Der weltgrößte Hersteller von genetisch verändertem Saatgut, Monsanto, freut sich über steigende Gewinne. Ein Plus, das vor allem in Lateinamerika erwirtschaftet wird. Doch in Argentinien und in den Nachbarländern regt sich zunehmend Protest gegen den Anbau von Gen-Soja.

Von Victoria Eglau | 28.03.2013
    Protest gegen Monsanto in Argentinien. In einem Vorort der Provinzstadt Córdoba hat das Unternehmen begonnen, eine Fabrik zur Herstellung von Saatgut für Gen-Mais zu bauen. Die lokale und die nationale Regierung unterstützen das Projekt, aber Umweltschützer und die meisten Einwohner laufen seit Monaten dagegen Sturm.

    "Wir sind gegen die Monsanto-Fabrik und gegen den massiven Einsatz von Unkrautvernichtungsmitteln in Argentinien."

    So ein Demonstrant. Ende Februar stoppte ein Gericht den Fabrikbau vorerst. Doch Monsantos Genmais-Produktion in Córdoba ist nur aufgeschoben, nicht aufgehoben. Das US-amerikanische Unternehmen betreibt in Argentinien bereits vier Anlagen. In einer davon wird das Allround-Herbizid Glyphosat hergestellt, das alle Pflanzen tötet – nur nicht die genetisch veränderten. Die jüngsten Proteste richten sich nicht nur gegen die geplante Fabrik, sondern gegen die Gen-Landwirtschaft insgesamt. Im Agrarland Argentinien werden fast nur noch transgene Pflanzen angebaut, in erster Linie Soja, aber eben auch Mais und Baumwolle.

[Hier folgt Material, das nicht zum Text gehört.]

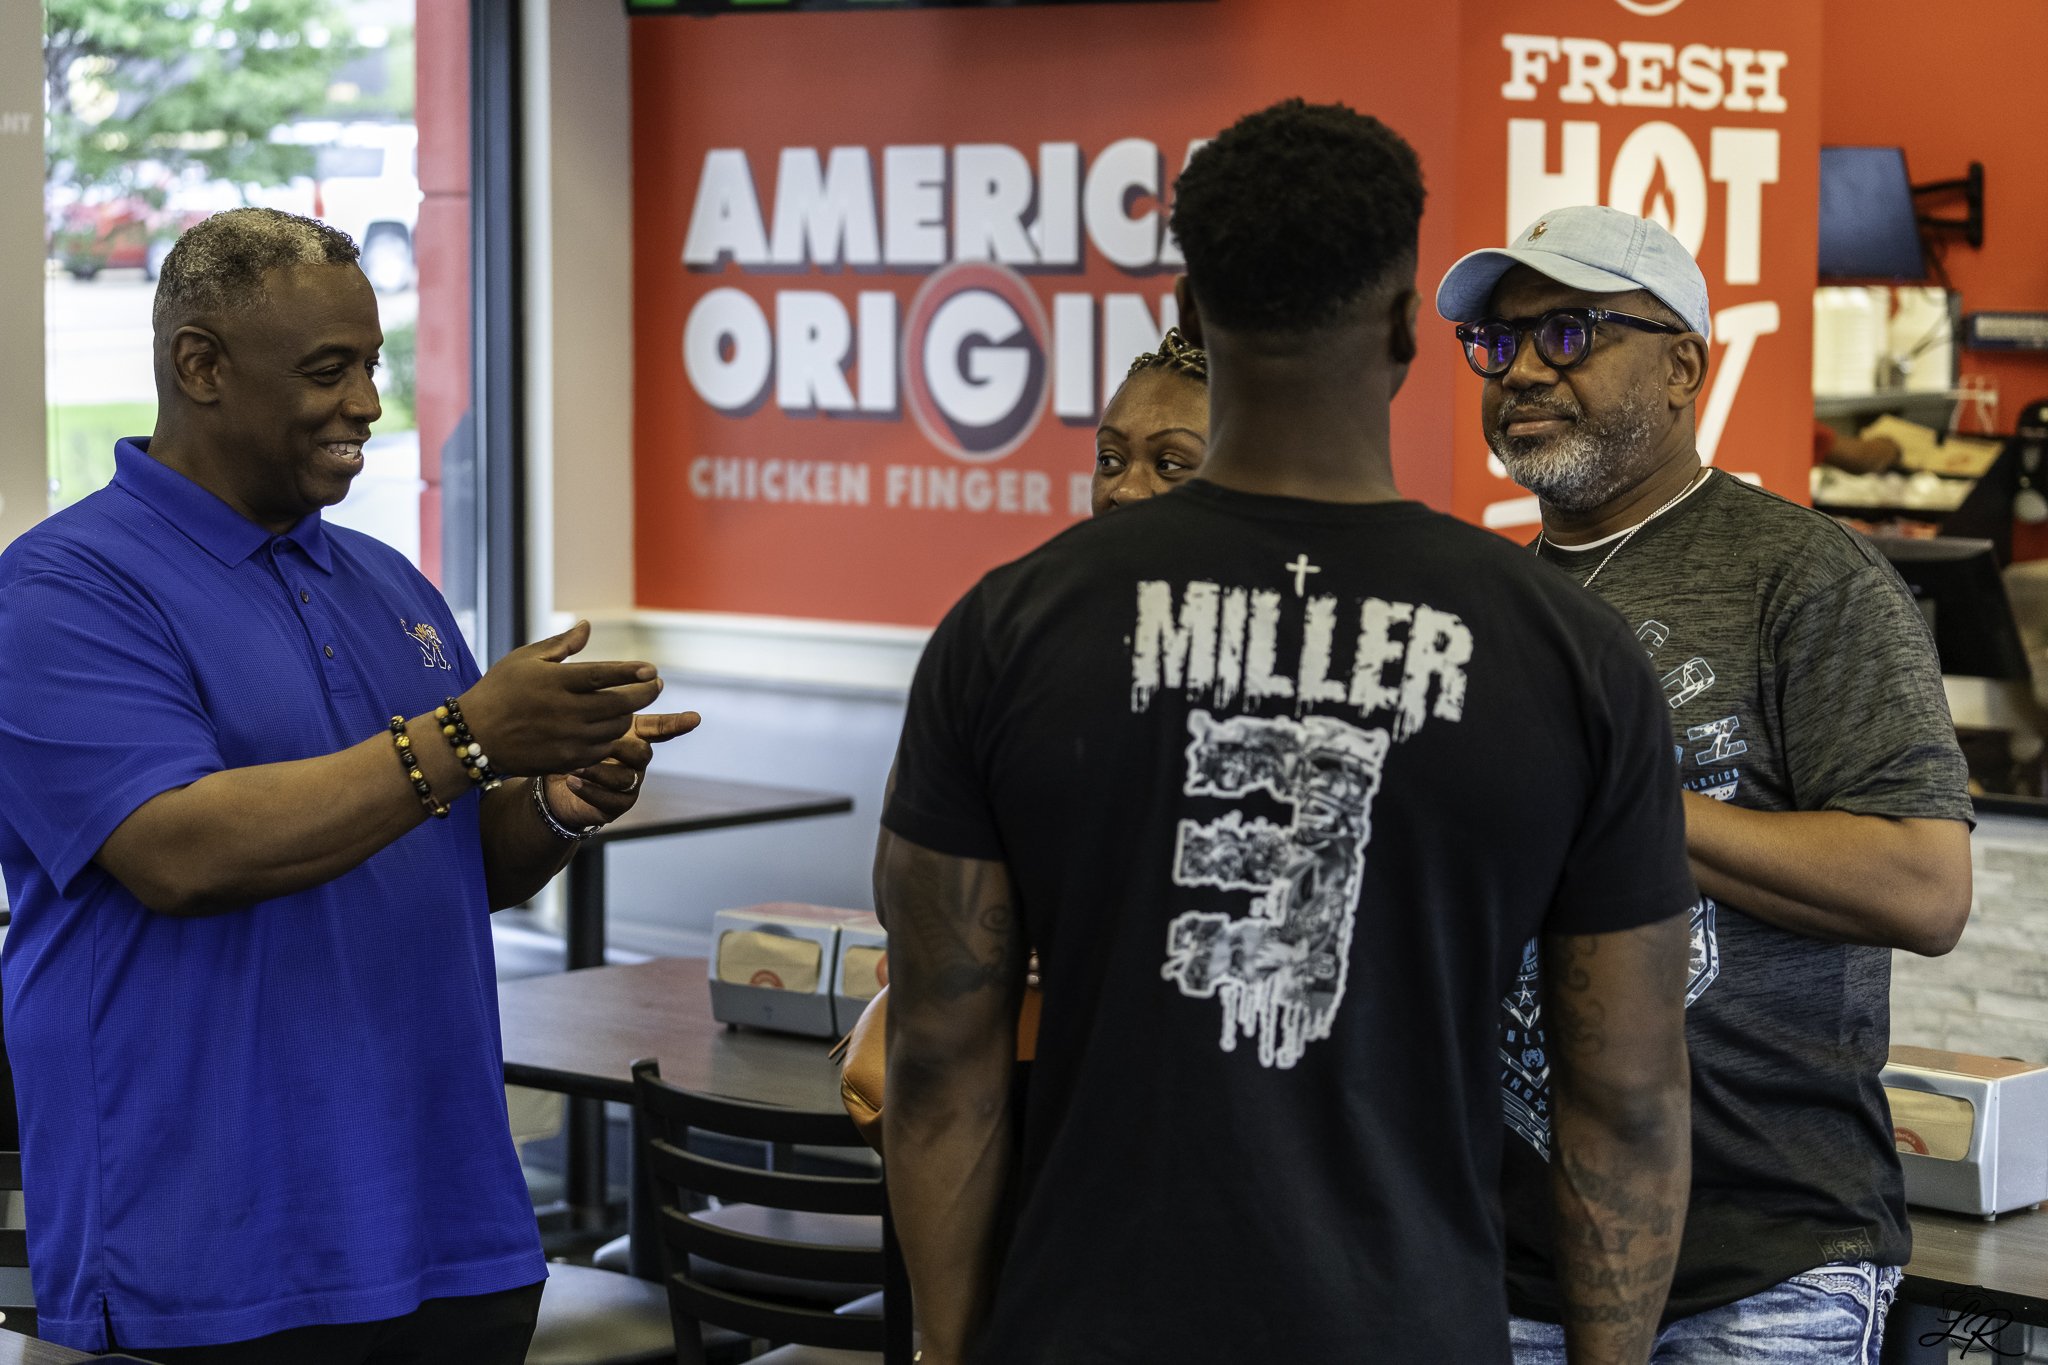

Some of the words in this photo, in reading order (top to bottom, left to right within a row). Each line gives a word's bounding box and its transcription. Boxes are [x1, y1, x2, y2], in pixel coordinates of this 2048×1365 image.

[1501, 33, 1788, 112] FRESH
[1506, 118, 1780, 285] HOT
[689, 457, 869, 506] CHICKEN
[886, 465, 1052, 515] FINGER
[1130, 579, 1473, 743] MILLER
[1162, 709, 1390, 1069] 3
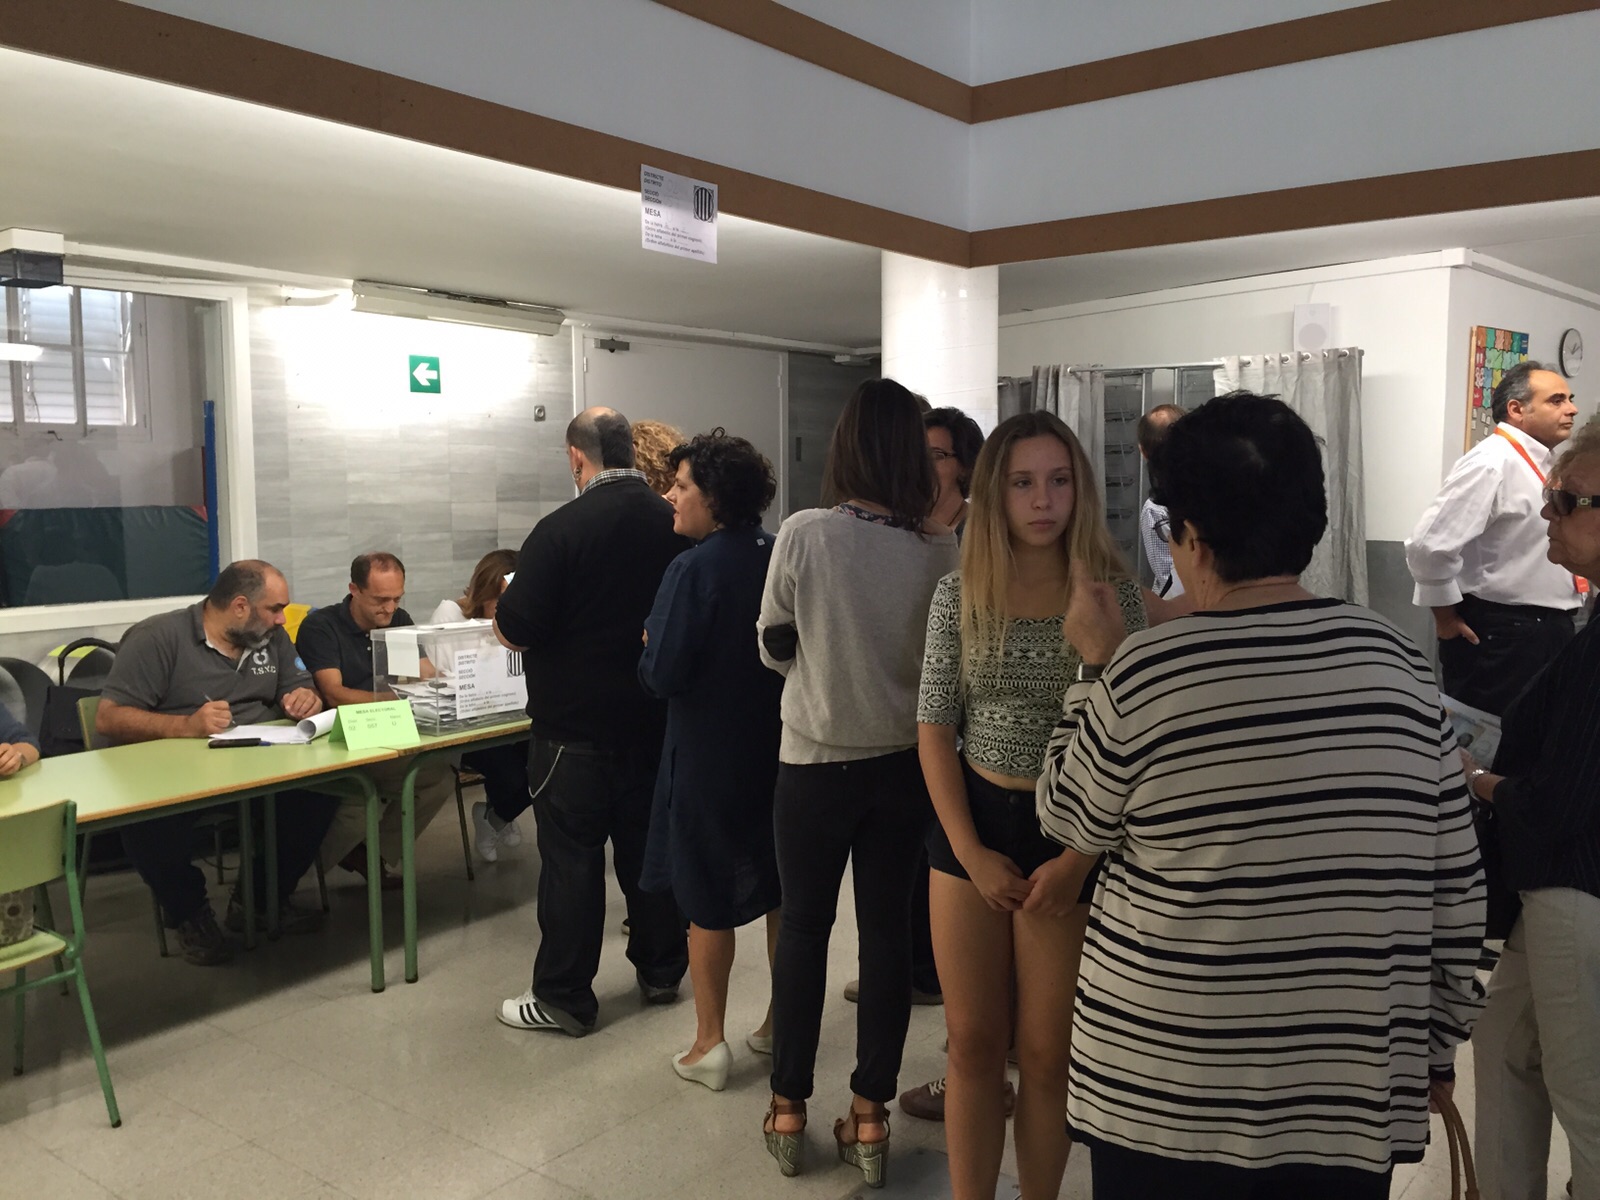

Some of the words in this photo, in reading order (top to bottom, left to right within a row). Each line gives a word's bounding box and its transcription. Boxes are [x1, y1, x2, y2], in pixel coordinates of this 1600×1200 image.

[644, 171, 664, 181] DISTRICTE
[644, 178, 662, 187] DISTRITO
[645, 208, 661, 218] MESA
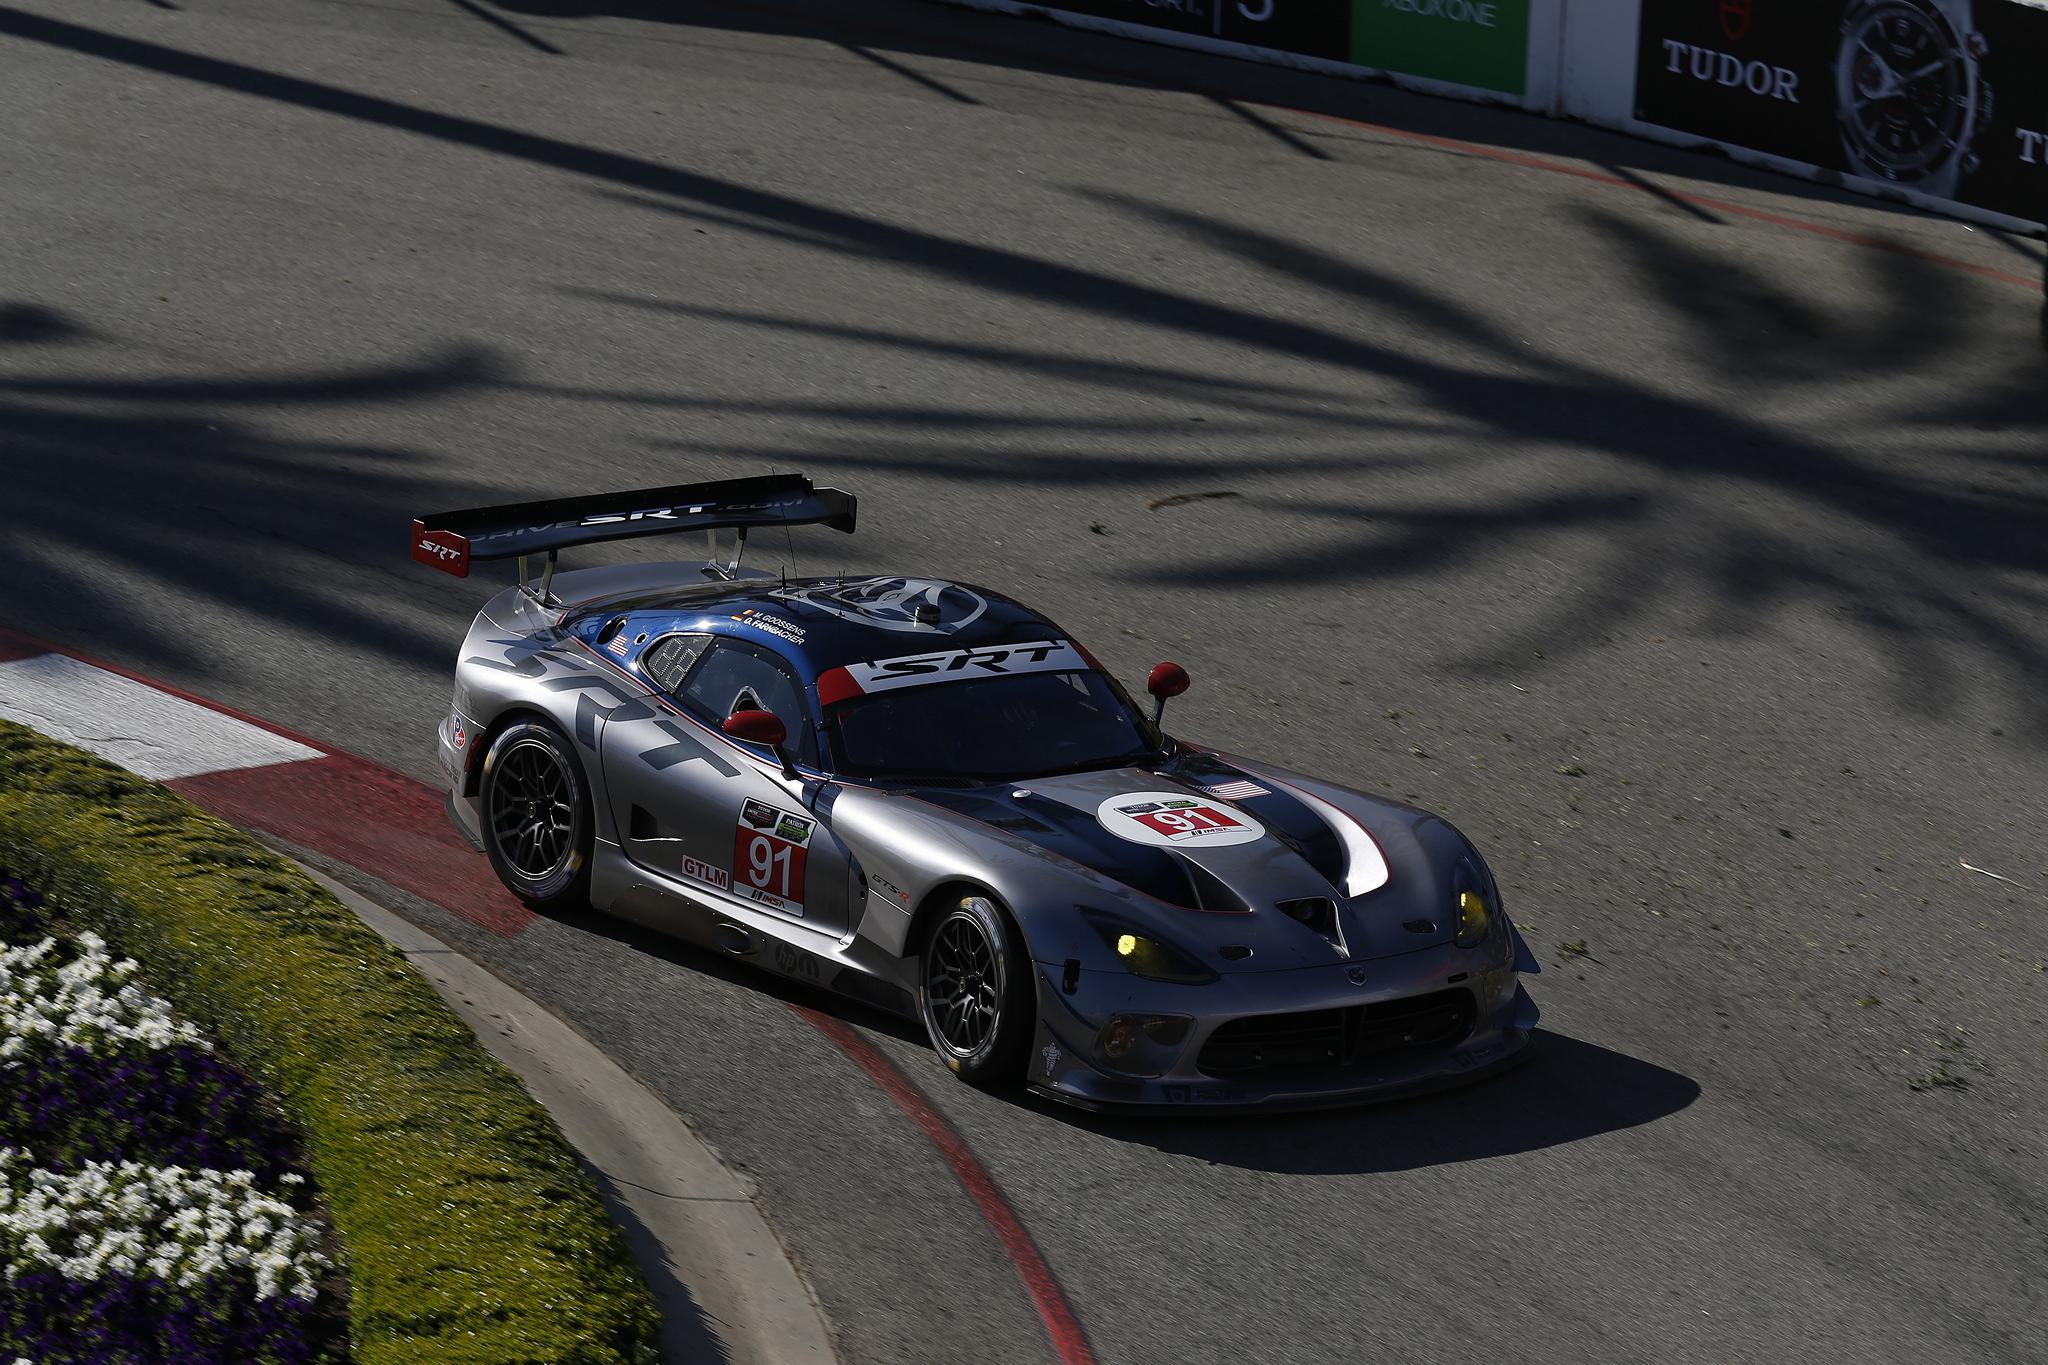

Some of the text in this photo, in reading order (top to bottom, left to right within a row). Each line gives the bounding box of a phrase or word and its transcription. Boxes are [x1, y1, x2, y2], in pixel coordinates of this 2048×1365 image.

[1662, 38, 1800, 104] TUDOR
[418, 539, 461, 560] SRT
[752, 618, 805, 645] FARNBACHER
[762, 614, 806, 636] GOOSSENS
[870, 645, 1065, 681] SRT
[1153, 809, 1221, 831] 91
[684, 858, 727, 888] GTLM
[749, 836, 792, 897] 91
[762, 894, 786, 909] IMSA
[871, 873, 909, 904] GTS-R

    "27 gentechnisch veränderte Sorten wurden seit 1997 zugelassen. Argentinien hat sich für dieses Agrar-Modell entschieden. Es geht einher mit einer Intensivierung seiner Landwirtschaft und mit einer Konzentration der Anbauflächen in den Händen weniger."

    Sagt der Agronom Walter Pengue. Er beklagt, durch die hohe Rentabilität der Soja-Monokulturen sei Land so teuer geworden, dass kleine und mittlere Bauern verdrängt würden:

    "Aber man muss auch die Vorteile sehen. Eine Reihe von Landwirten und Dörfern hat eindeutig von der Gen-Soja profitiert. Auf der anderen Seite sind da die Folgen für Gesundheit und Umwelt, die in Argentinien von offizieller Seite nicht untersucht werden."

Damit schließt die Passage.